[Text-to-region grounding data]
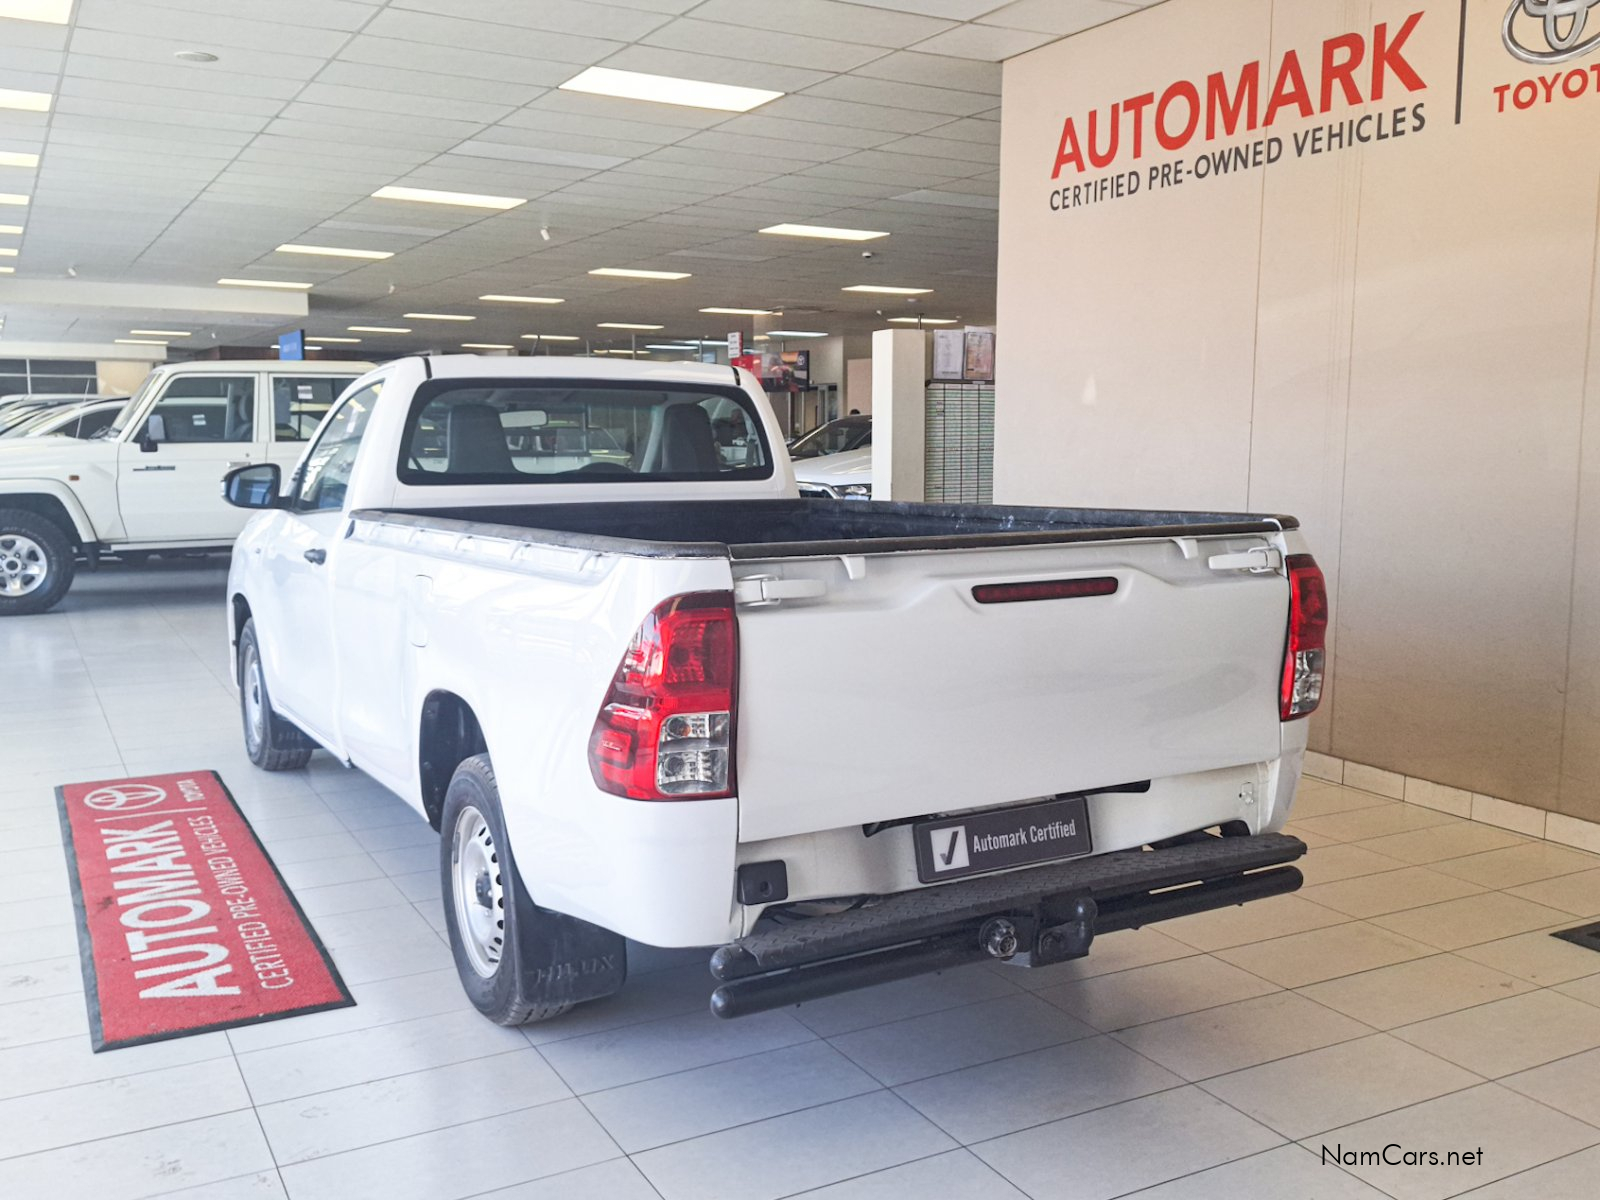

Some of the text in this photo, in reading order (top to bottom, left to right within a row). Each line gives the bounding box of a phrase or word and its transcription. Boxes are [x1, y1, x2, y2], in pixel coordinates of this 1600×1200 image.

[1049, 103, 1426, 211] CERTIFIED PRE-OWNED VEHICLES
[1051, 11, 1427, 179] AUTOMARK
[101, 820, 242, 999] AUTOMARK
[187, 815, 294, 989] CERTIFIED PRE-OWNED VEHICLES
[973, 819, 1076, 853] Automark Certified
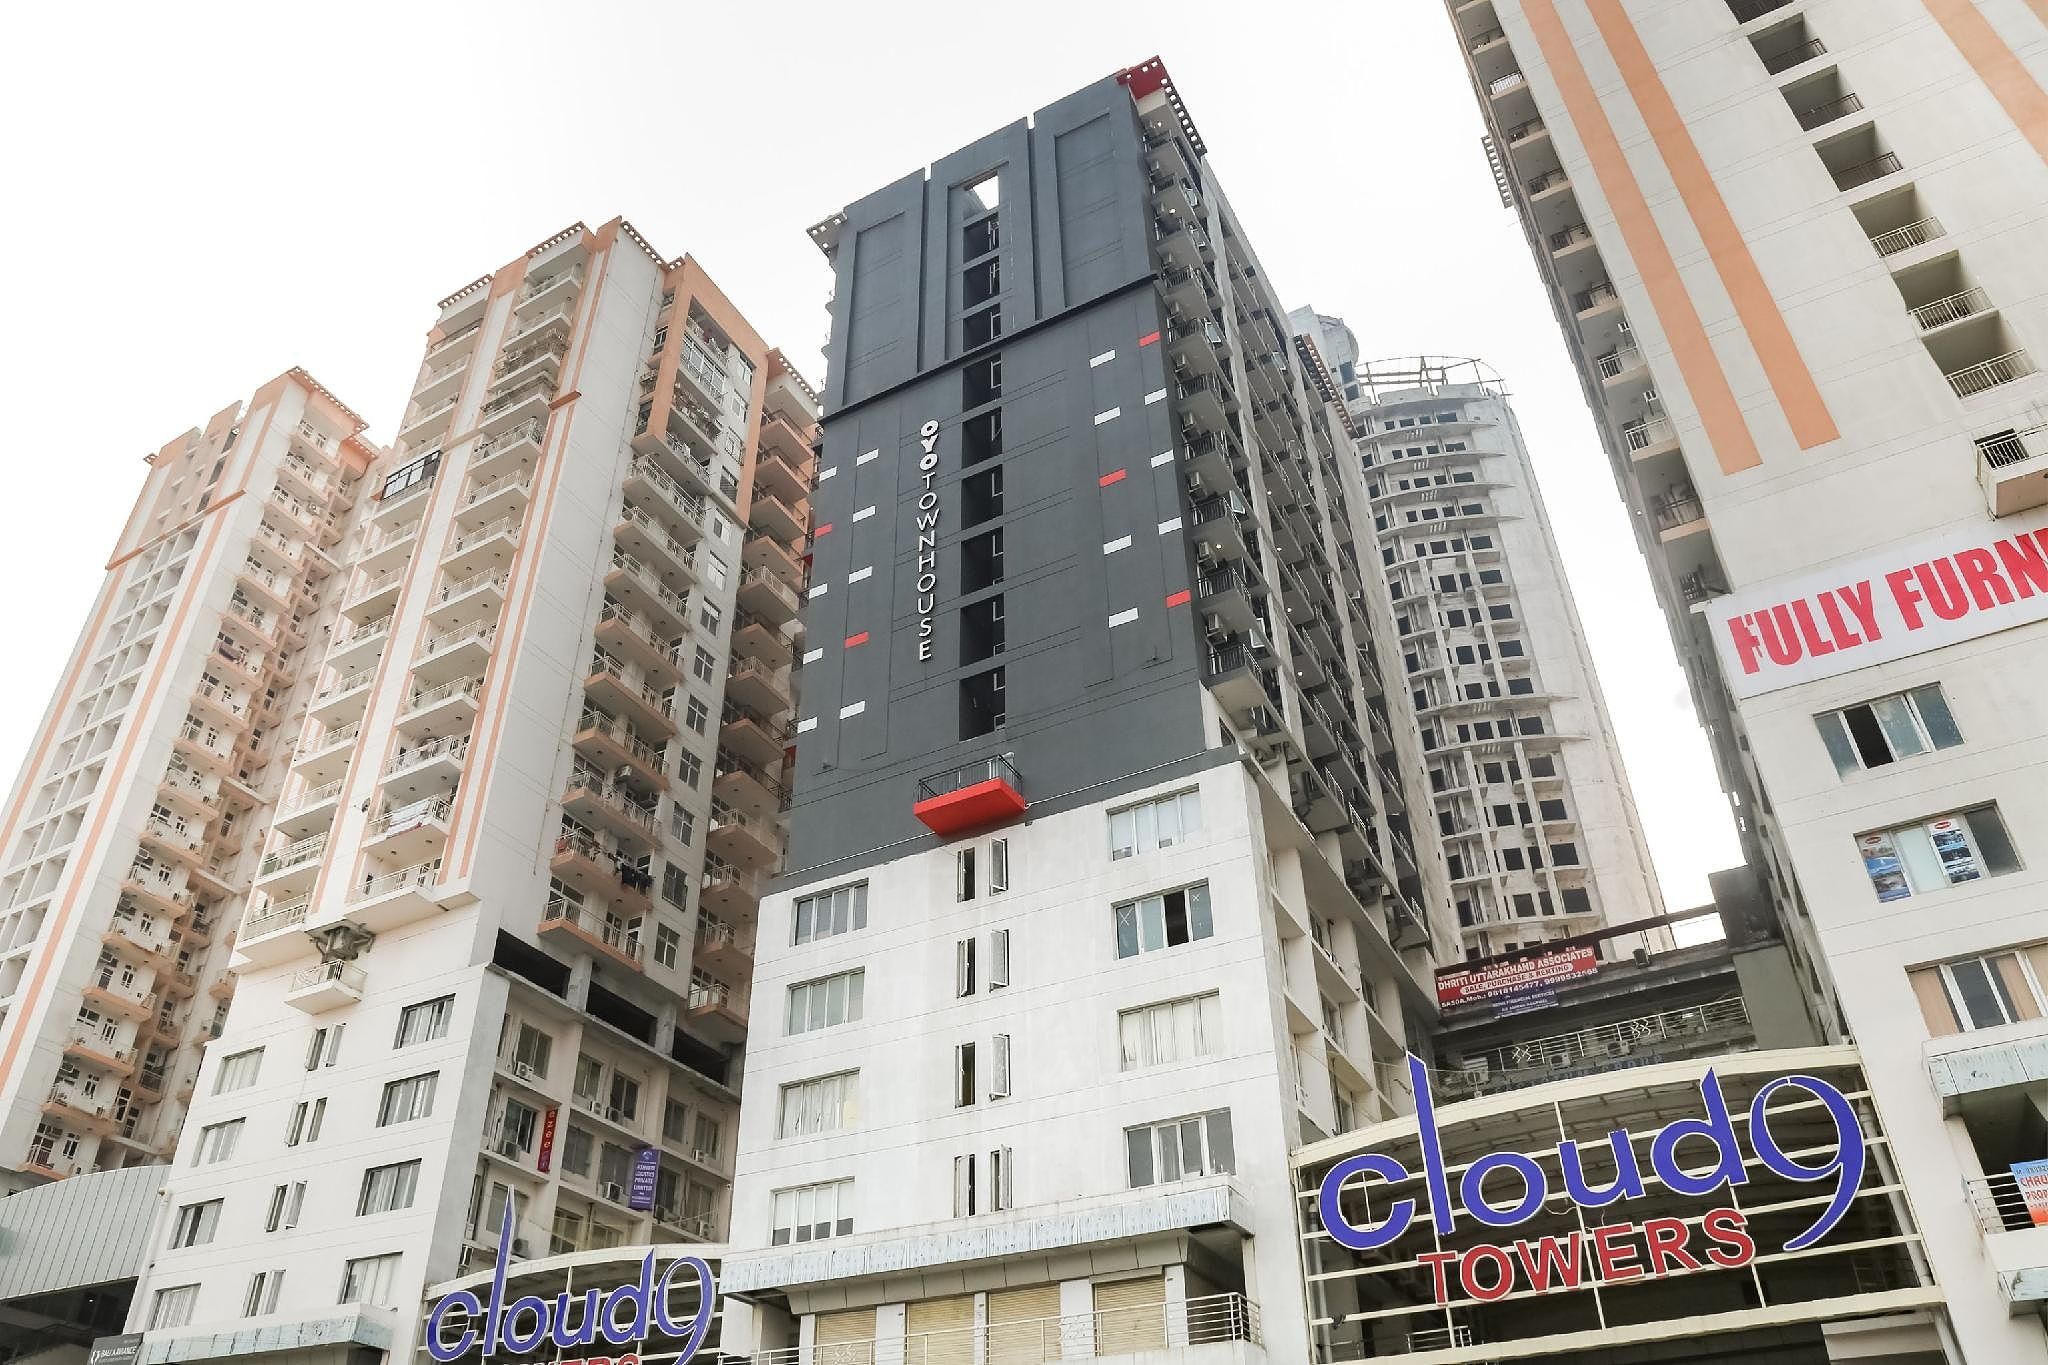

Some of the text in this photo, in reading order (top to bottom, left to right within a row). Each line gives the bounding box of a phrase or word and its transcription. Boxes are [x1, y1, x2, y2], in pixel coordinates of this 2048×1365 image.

_What to do_.
What's needed is every line above, retyped exactly and free of pictures.

_Task output_.
Some of the text in this photo, in reading order (top to bottom, left to right within a row). Each line gives the bounding box of a phrase or word and its transcription. Boxes are [x1, y1, x2, y2], in pixel coordinates of this 1600×1200 image.

[1049, 103, 1426, 211] CERTIFIED PRE-OWNED VEHICLES
[1051, 11, 1427, 179] AUTOMARK
[101, 820, 242, 999] AUTOMARK
[187, 815, 294, 989] CERTIFIED PRE-OWNED VEHICLES
[973, 819, 1076, 853] Automark Certified

Some of the text in this photo, in reading order (top to bottom, left to right within a row). Each line gives the bounding box of a phrase or word and its transcription. Boxes are [x1, y1, x2, y2], in pixel coordinates of this 2048×1365 image.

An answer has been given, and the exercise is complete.